Thur, Sep 2 Greg Swiatek (Penn State) 3:00 pm The Meaning of Chaos
Thur, Sep 23 Dale Brownawell (Penn State) 3:00 pm When Do Polynomials Have Common Zeros? Abstract: The answer is easy when the polynomials involve only one variable or when they are linear. The elegant general
answer is still being investigated more than 100 years after its discovery. Related questions are: How hard can this question be, anyway? How small can polynomial values be? These are active areas of investigation.
Thur, Oct 14 Arkady Vaintrob (University of New Mexico) 3:00 pm Knots and Knot Invariants Abstract: A systematic study of knots was initiated by physicists in the second half of the last century.
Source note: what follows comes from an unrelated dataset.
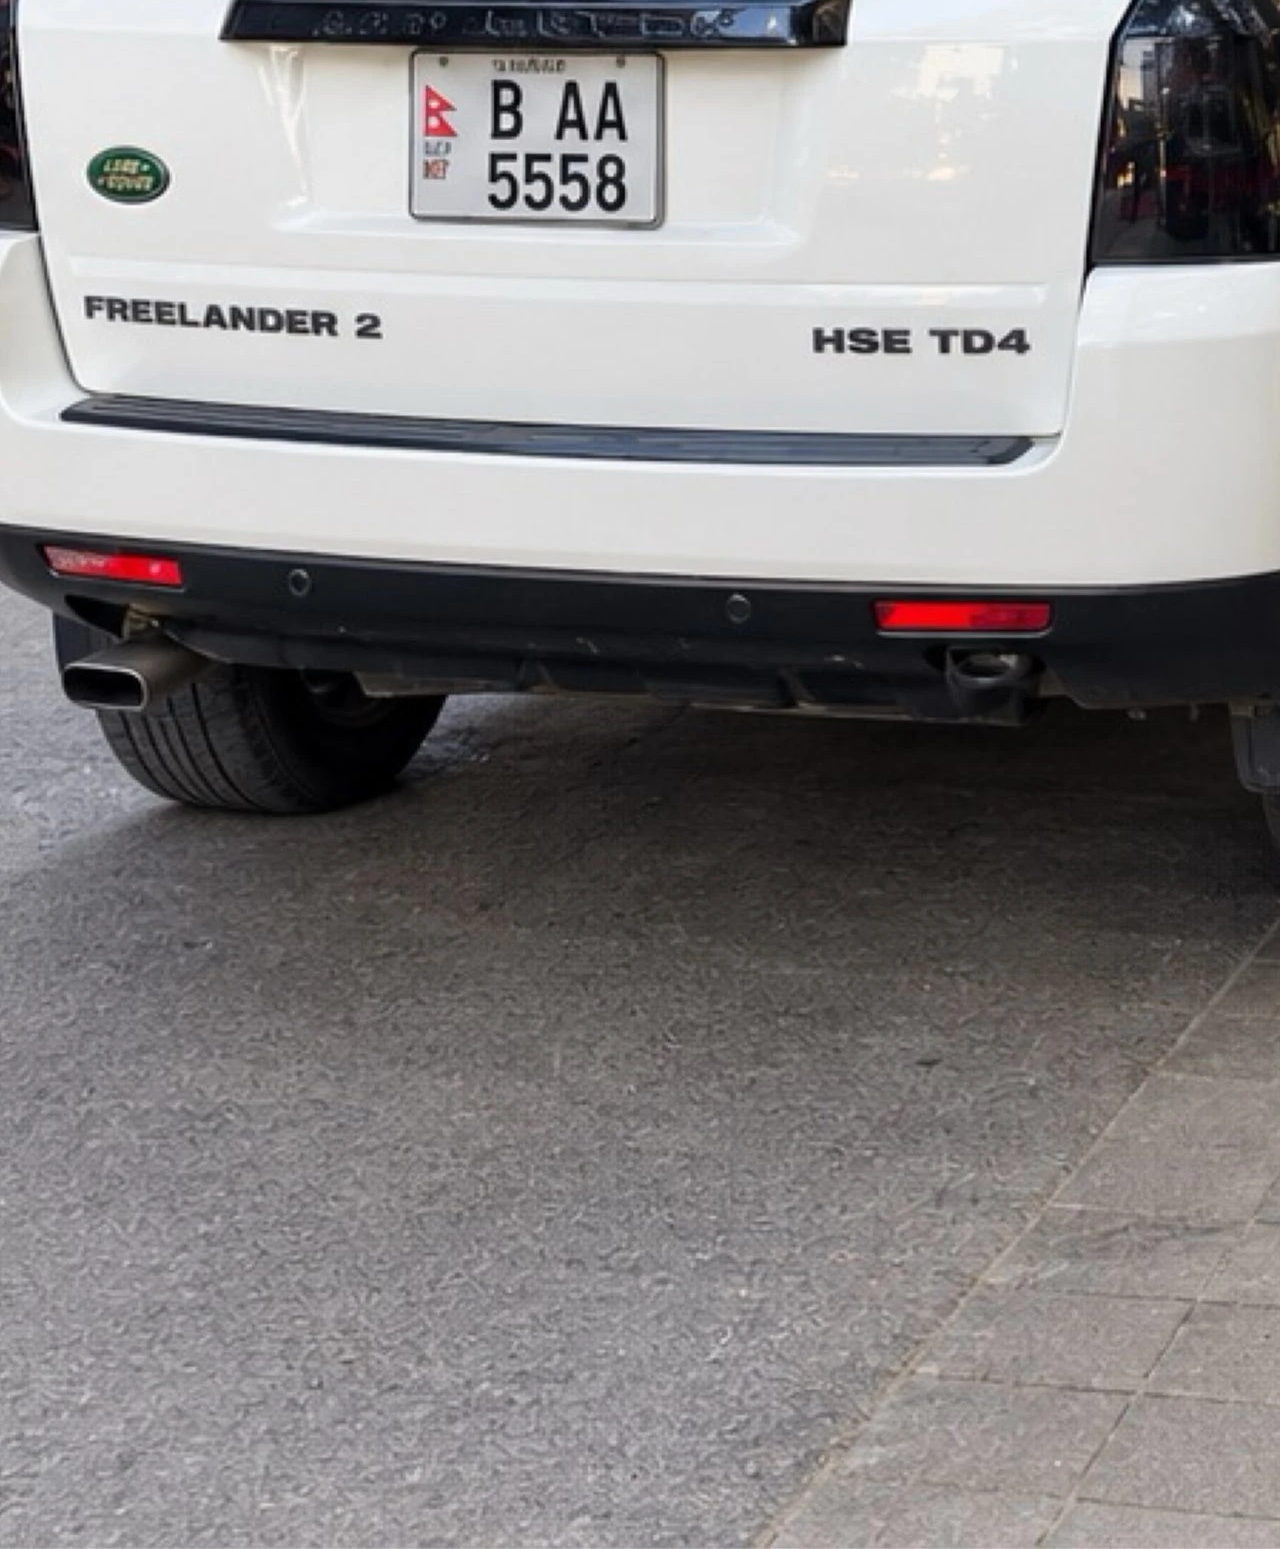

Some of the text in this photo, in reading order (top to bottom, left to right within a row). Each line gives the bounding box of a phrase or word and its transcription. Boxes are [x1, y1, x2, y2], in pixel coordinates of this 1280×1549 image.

In the beginning of this century mathematicians took over the field and introduced knot invariants - tools for comparing different knot types. Near the end of the century physicists struck back by inventing a host of new more powerful invariants whose geometric meaning, however, remained mysterious. Recently as a result of joint efforts of physicists and mathematicians, unexpected connections between old and new knot invariants have been discovered raising expectations for new exciting results to come. In the lecture, after a brief introduction to knot theory, we will discuss the current developments by comparing the classical Alexander invariant and the most famous invariant of the new era, the Jones polynomial.
Thur, Oct 21 Yulij Ilyashenko (Cornell) 3:00 pm Hilbert's 16th Problem Near Its Centenary Abstract: The second part of the 16th problem appeared to be one of the most difficult in the Hilbert's list. Smale included it in his list of the main problems for the forthcoming century. In the expiring century the problem had a long and dramatic history. In the last 20 years interest in the problem has grown substantially, and some progress was achieved. Several filial problems about "Hilbert type numbers" were stated and partially solved. The subject of the talk will be a sketch of this history and achievements.
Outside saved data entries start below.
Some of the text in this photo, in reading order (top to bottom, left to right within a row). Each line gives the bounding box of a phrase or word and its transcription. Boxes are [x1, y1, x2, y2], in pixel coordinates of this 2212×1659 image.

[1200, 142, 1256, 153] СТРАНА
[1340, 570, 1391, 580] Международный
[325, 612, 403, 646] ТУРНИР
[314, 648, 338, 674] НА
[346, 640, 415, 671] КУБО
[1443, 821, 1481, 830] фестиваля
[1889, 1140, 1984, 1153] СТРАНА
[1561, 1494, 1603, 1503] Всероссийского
Tues, Oct 26 Viorel Nitica (Notre Dame) 3:00 pm Replicating Tiles Abstract: A plane figure (or tile) is defined to be replicating of order k (or rep-k) if it can be dissected into k replicas, each congruent to the other and similar to the original. If k=4, an equivalent formulation is that four identical figures are to be assembled into a scale model, twice as long and twice as high. All triangles and parallelograms are rep-4 tiles. I shall start my lecture by showing a list of rep-k tiles for various values of k. Then I shall relate the study of rep-tiles to more general questions that are subject to current research, such as when can a finite region consisting of cells in a square lattice be perfectly tiled by tiles drawn from a finite set of shapes?
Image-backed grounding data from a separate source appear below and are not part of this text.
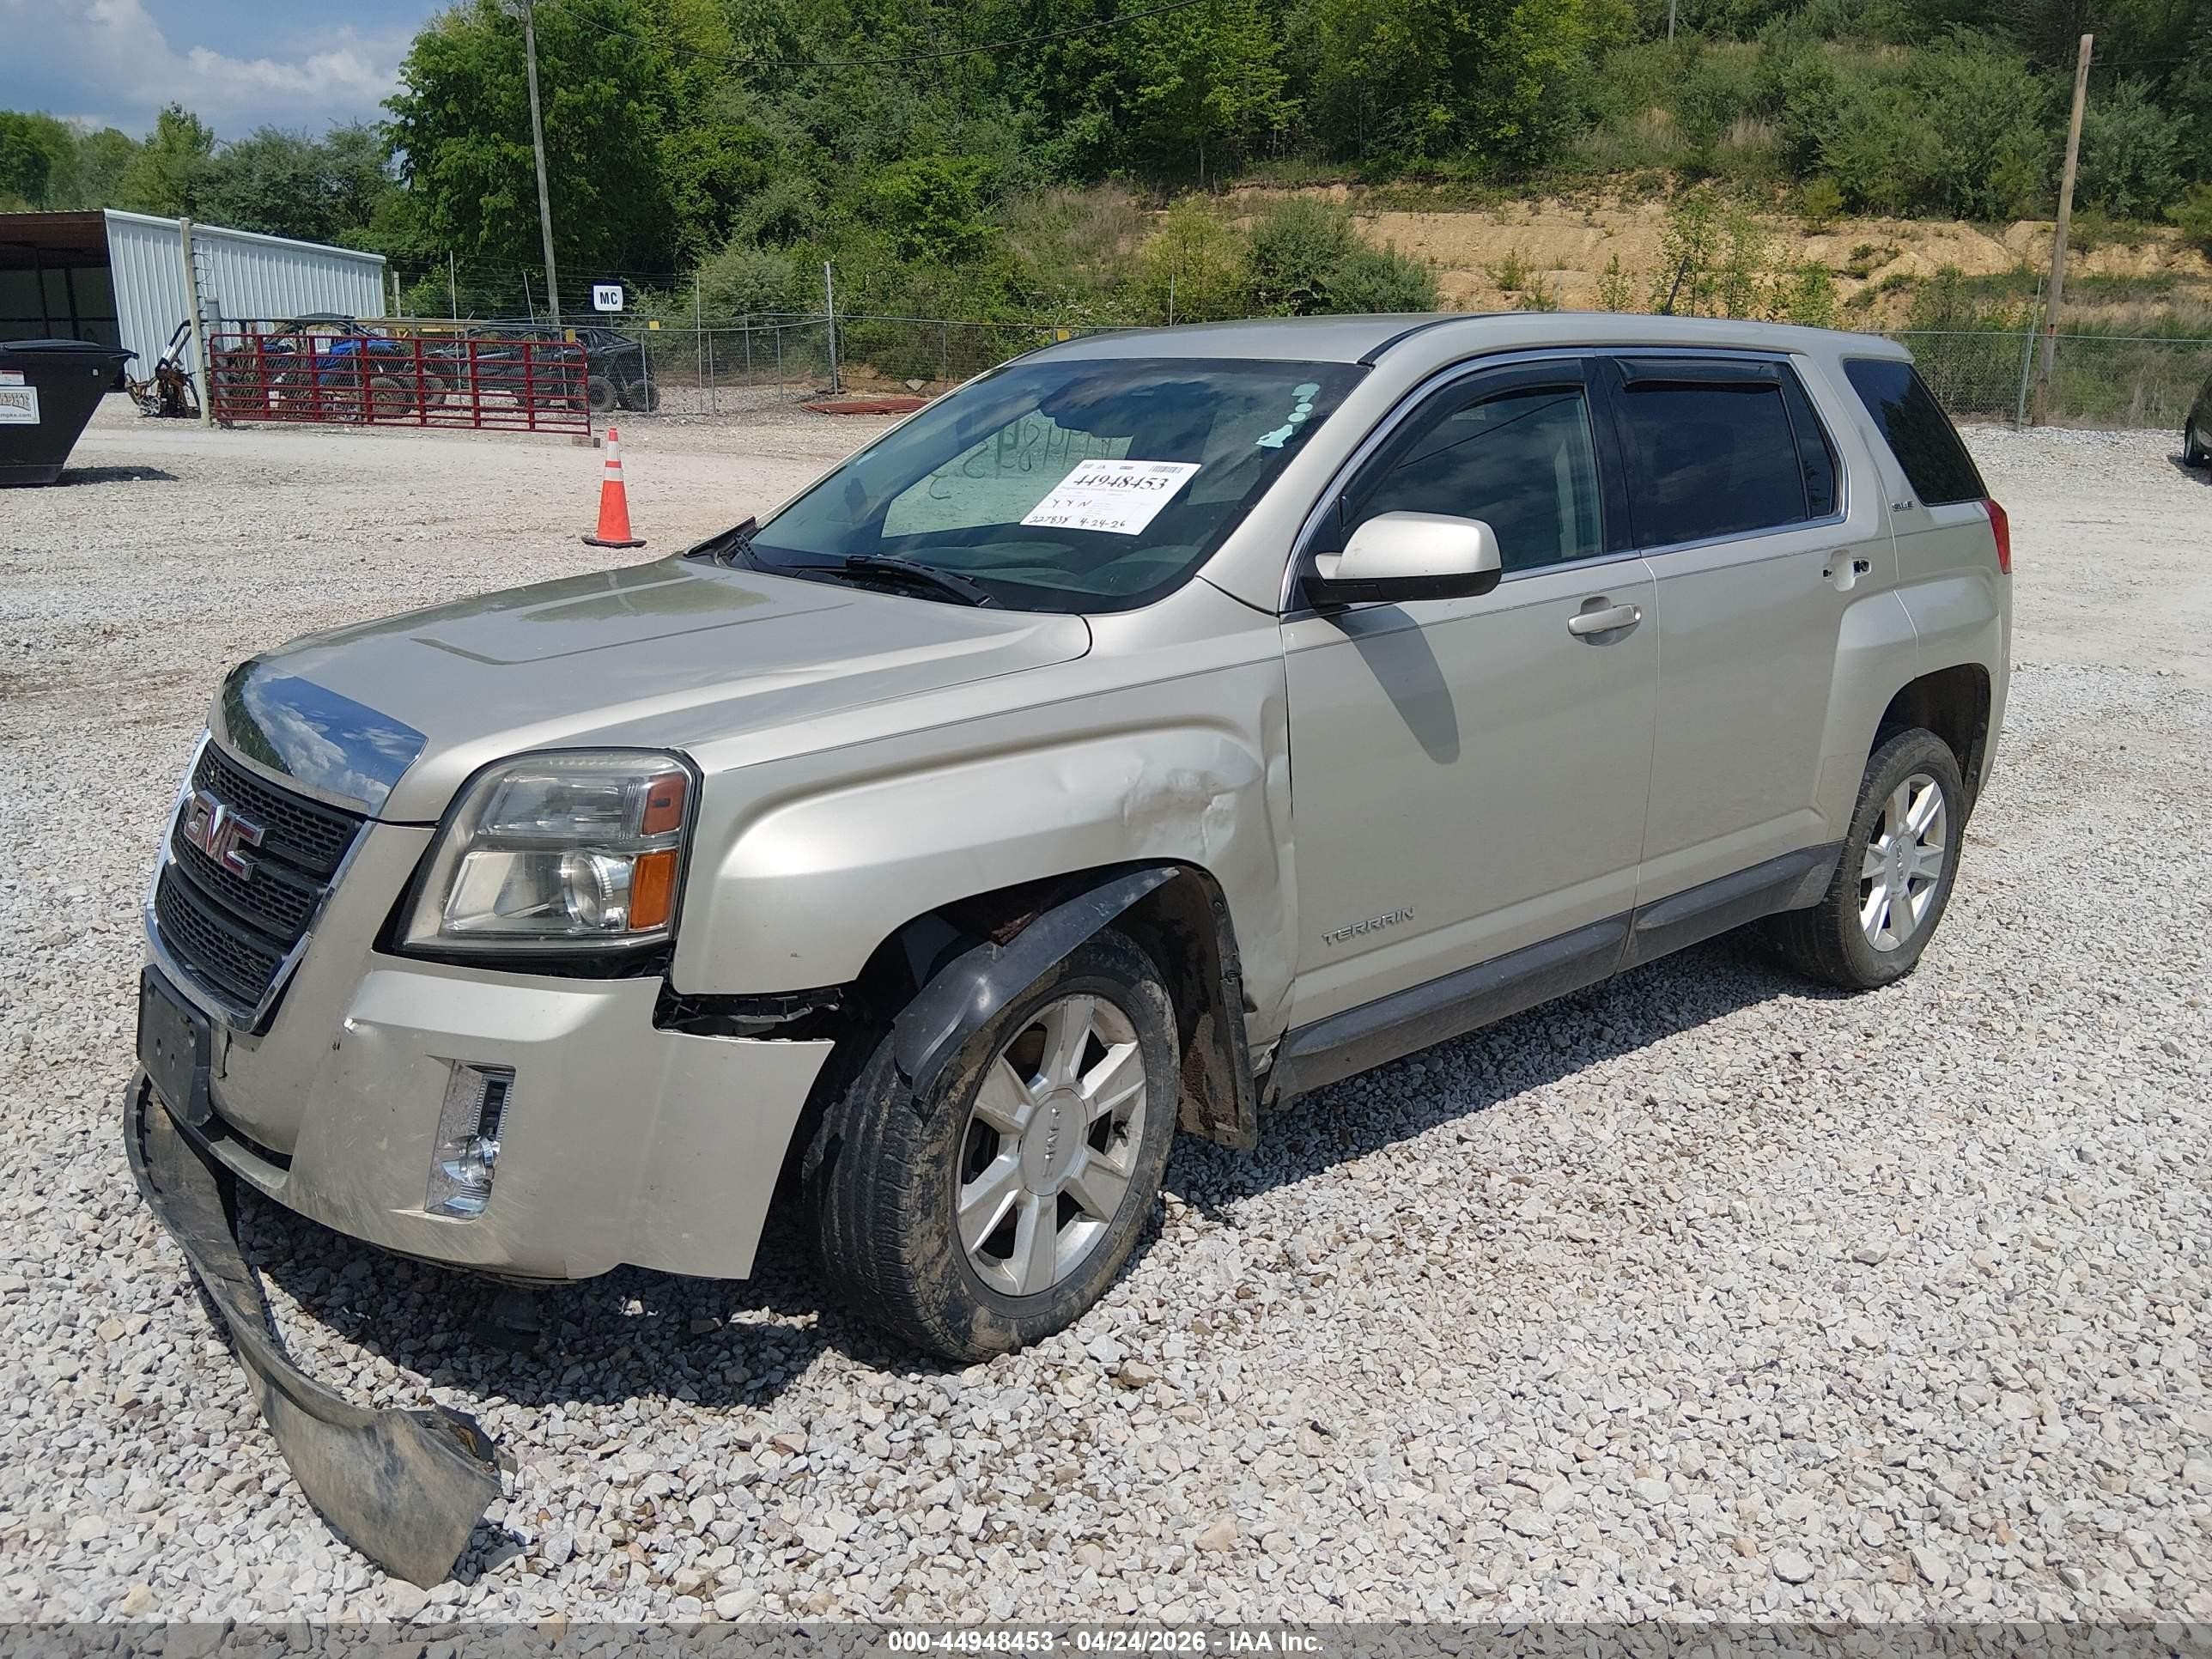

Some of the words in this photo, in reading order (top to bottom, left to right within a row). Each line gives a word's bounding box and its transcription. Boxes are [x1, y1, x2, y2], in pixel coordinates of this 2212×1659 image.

[599, 291, 618, 305] MC
[1073, 474, 1170, 491] 44948453
[1079, 517, 1127, 529] 4-24-26
[184, 790, 265, 881] GMC
[1322, 906, 1415, 945] TERRAIN
Thur, Nov 4 Yuri Latushkin (University of Missouri) 3:00 pm Nightmares and Dreams of Lyapunov: Stability and Semigroups Abstract: After a five-minute mini-course in functional analysis, we will discuss how semigroups of linear operators are related to the stability of linear differential equations in infinite dimensional spaces. A classical theorem of A. M. Lyapunov says that the equation is stable provided the spectrum of its (bounded) coefficient belongs to the open left half-plane. If the coefficient is an unbounded operator, then this theorem, generally, does not hold. We will discuss a replacement of the Lyapunov Theorem that uses so-called evolution semigroups.
Thur, Nov 11 Alexander Dranishnikov (Penn State) 3:00 pm On the Hilbert-Smith Conjecture Abstract: The Hilbert-Smith conjecture is a remaining branch of the fifth Hilbert problem. We will discuss how it leads to p-adic numbers and strange phenomena in dimension theory.
Thur, Nov 18 Serge Tabachnikov (University of Arkansas) 3:00 pm The DNA Geometric Inequality: An Open-Ended Story Abstract: Consider a closed plane curve, possibly self-intersecting, inside a closed convex plane curve; the former curve is referred to as DNA and the latter as Cell. The DNA geometric inequality asserts that the average absolute curvature of DNA is not less than that of Cell. I will discuss this simple result (surprisingly, proved only a few years ago) and give five different proofs of the particular case when Cell is a circle.
Thur, Dec 2 Misha Guysinsky (Tufts University) 3:00 pm The Banach-Tarski Paradox and Amenable Groups Abstract: Is it possible to cut up a pea into finitely many pieces that can be rearranged to form a ball the size of the sun? The answer to this question looks obvious, but it is not. We define a special class of groups called amenable groups and discuss its connection with questions like this.
Conrad Plaut (University of Tennessee) 3:00 pm Group Reconstruction Abstract: What happens when you reconstruct a group using only information from a small piece of the group? In 1928 O. Schreier discovered a simple way to do such reconstuction, which was rediscovered later by A. Mal'tsev, and later still by J. Tits. We begin with a little known and disastrous solution to Hilbert's Fifth Problem that was published in the Annals of Mathematics in 1957. We then go on to show how Schreier's fundamental construction is connected to covering group theory and finitely represented froups.